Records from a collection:

- Opening Delimiter -

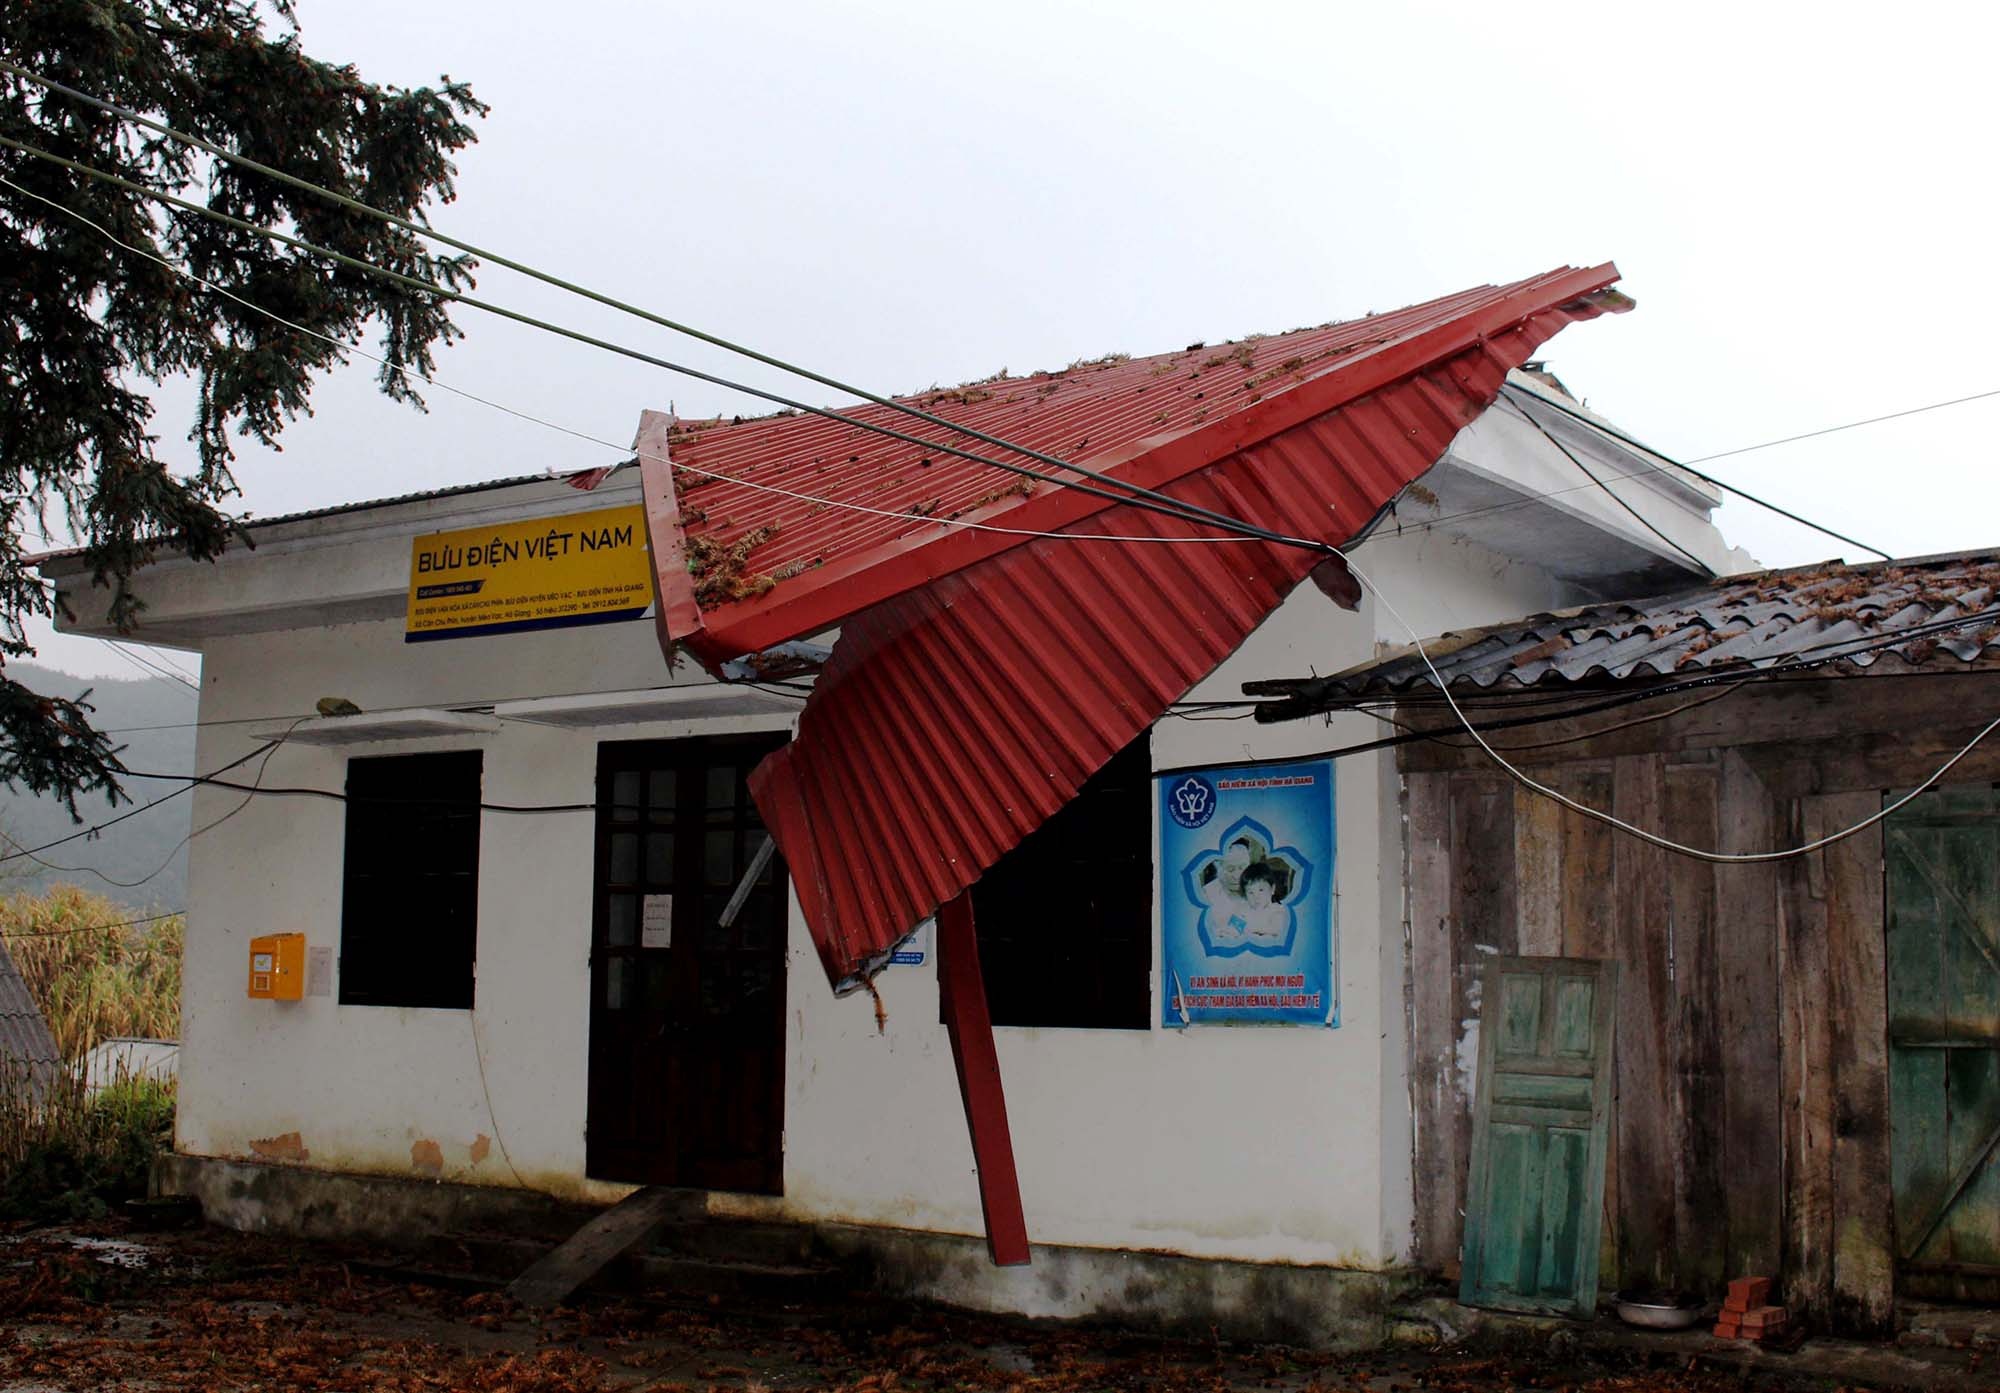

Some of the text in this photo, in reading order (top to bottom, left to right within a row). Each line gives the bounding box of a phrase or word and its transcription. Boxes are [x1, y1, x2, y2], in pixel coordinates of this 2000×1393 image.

[466, 536, 519, 568] ĐIỆN
[524, 528, 574, 561] VIỆT
[580, 524, 633, 553] NAM
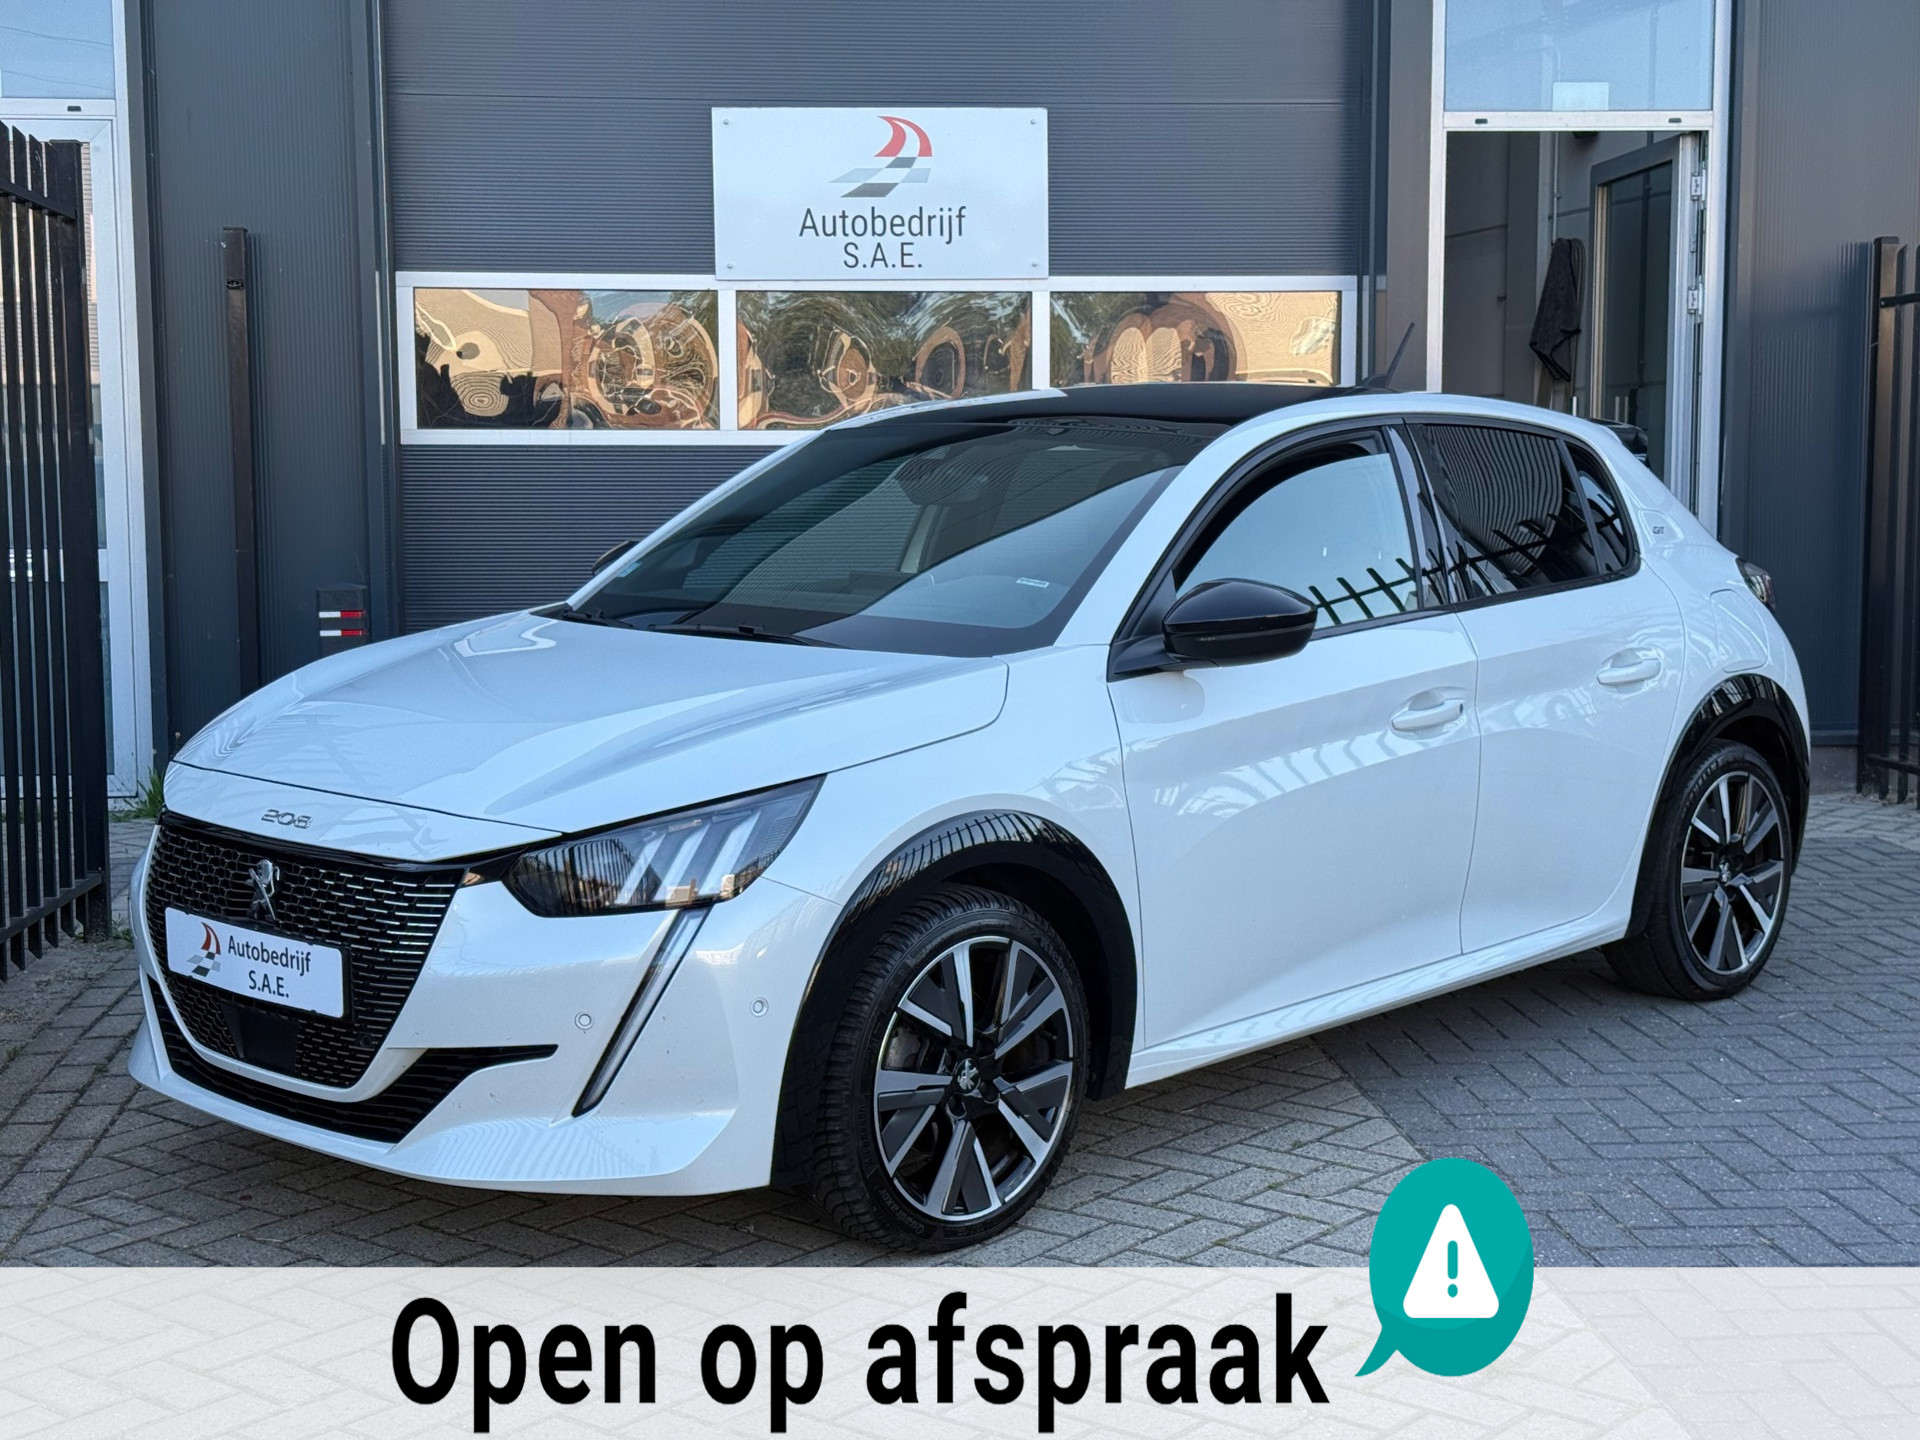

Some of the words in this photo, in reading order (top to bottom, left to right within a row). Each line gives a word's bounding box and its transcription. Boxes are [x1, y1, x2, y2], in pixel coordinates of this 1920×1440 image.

[799, 206, 966, 244] Autobedrijf
[843, 242, 923, 268] S.A.E.
[228, 935, 311, 977] Autobedrijf
[248, 969, 290, 998] S.A.E.

- Closing Delimiter -

▸ PROBLEM STATEMENT
Output all the records above exactly, but without their images.

▸ ANSWER BOX
Some of the text in this photo, in reading order (top to bottom, left to right within a row). Each line gives the bounding box of a phrase or word and its transcription. Boxes are [x1, y1, x2, y2], in pixel coordinates of this 2000×1393 image.

[466, 536, 519, 568] ĐIỆN
[524, 528, 574, 561] VIỆT
[580, 524, 633, 553] NAM

Some of the words in this photo, in reading order (top to bottom, left to right within a row). Each line gives a word's bounding box and its transcription. Boxes are [x1, y1, x2, y2], in pixel coordinates of this 1920×1440 image.

[799, 206, 966, 244] Autobedrijf
[843, 242, 923, 268] S.A.E.
[228, 935, 311, 977] Autobedrijf
[248, 969, 290, 998] S.A.E.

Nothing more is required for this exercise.